Various studies have shown that there is more than one mechanism by which rhododendrol can have a toxic effect. This toxic effect of rhododendrol is found in the melanocytes, which gives rise to skin depigmentation.

=== ROS ===
Rhododendrol can have a toxic effect via the production of reactive oxygen species (ROS). This will cause an impairment in the further development of melanocytes in the skin. Impairment is caused by upregulation of the GADD45 gene. A study of Kim et al. showed that the production of ROS, which gives rise to more production of GADD45, is already found at low concentrations of rhododendrol. At the time that rhododendrol was used in cosmetic products, it contained concentrations of 2%. The study of Kim et al. suggests that the production of reactive oxygen species at low concentrations may have contributed to the development of leukoderma in users of these cosmetic products.

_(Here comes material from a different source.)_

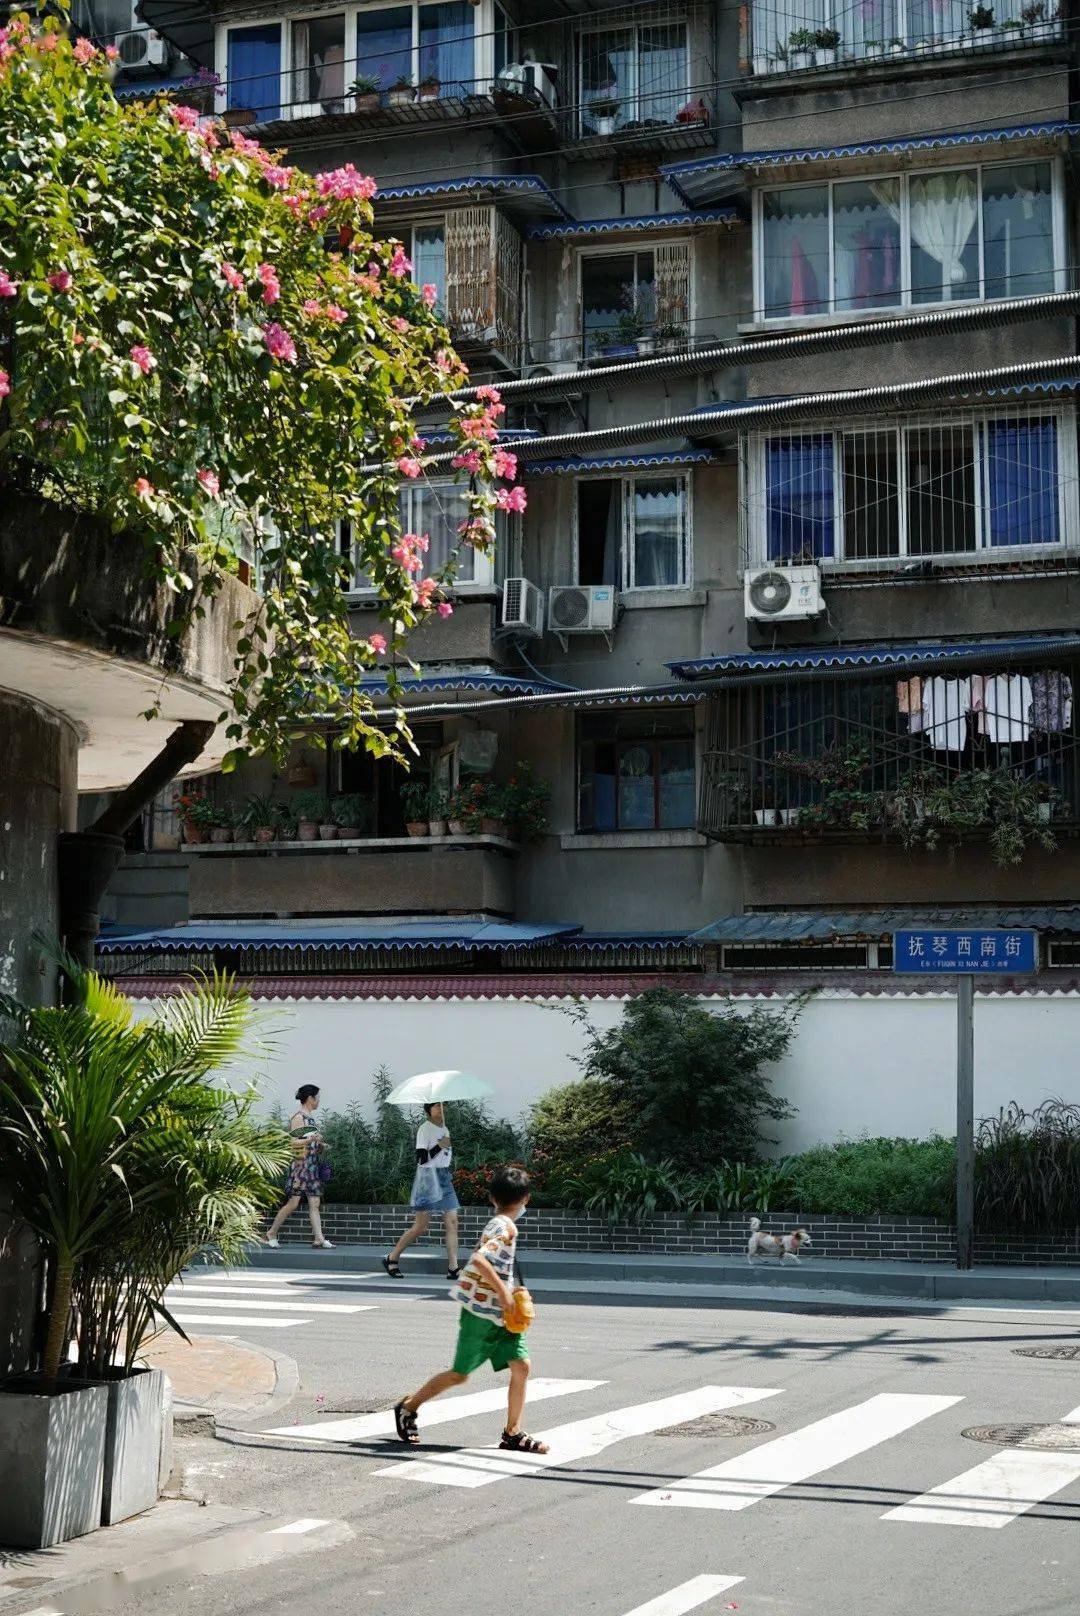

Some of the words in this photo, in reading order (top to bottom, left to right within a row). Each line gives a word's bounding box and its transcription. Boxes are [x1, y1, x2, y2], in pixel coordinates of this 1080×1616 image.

=== Reactive metabolites ===
The study of Ito et al. showed that rhododendrol exerts its toxic effect in the melanocytes via tyrosinase-dependent mechanisms. This tyrosinase enzyme breaks rhododendrol down into the following reactive metabolites: RD-quinone and RD-cyclic quinone. These reactive metabolites can bind to proteins which contain a thiol-group or it can form radicals. These radicals are toxic to the melanocytes as it causes auto-oxidation of the cells. Auto-oxidation, in turn, causes oxidative stress to cells, which will impair the natural growth and function of the melanocytes.

Rhododenol and raspberry ketone impair the regular proliferation of melanocytes through reactive oxygen species-dependent activation of GADD45.

== Effects on animals ==
The effect of rhododendrol (4-(4-hydroxyphenyl)-2-butanol) is measured in mice as well as in guinea pigs. These studies were performed to elucidate the aetiology of RD-induced leukoderma. The data of these studies revealed that the amount of RD applied to the skin is highly relevant considering that high doses of RD are required in order to cause cytotoxicity. This finding is contrary to the results presented in the study of Kim et al., which is performed in humans. Furthermore, the animal studies enlightened the importance of the ER-stress response. It is suggested that the activity of the ER-stress response may determine whether melanocytes survive or die. Also, the study of Abe et al. revealed that the autophagy pathway may be involved in the resistance to the cytotoxicity of RD.

Since the biochemical and histological characteristics of the used mice in the animal studies (hairless hk14-SCF Tg mice) closely resembled the characteristics of the human skin, these newly generated mice could be used as experimental animal models to investigate chemical vitiligo further.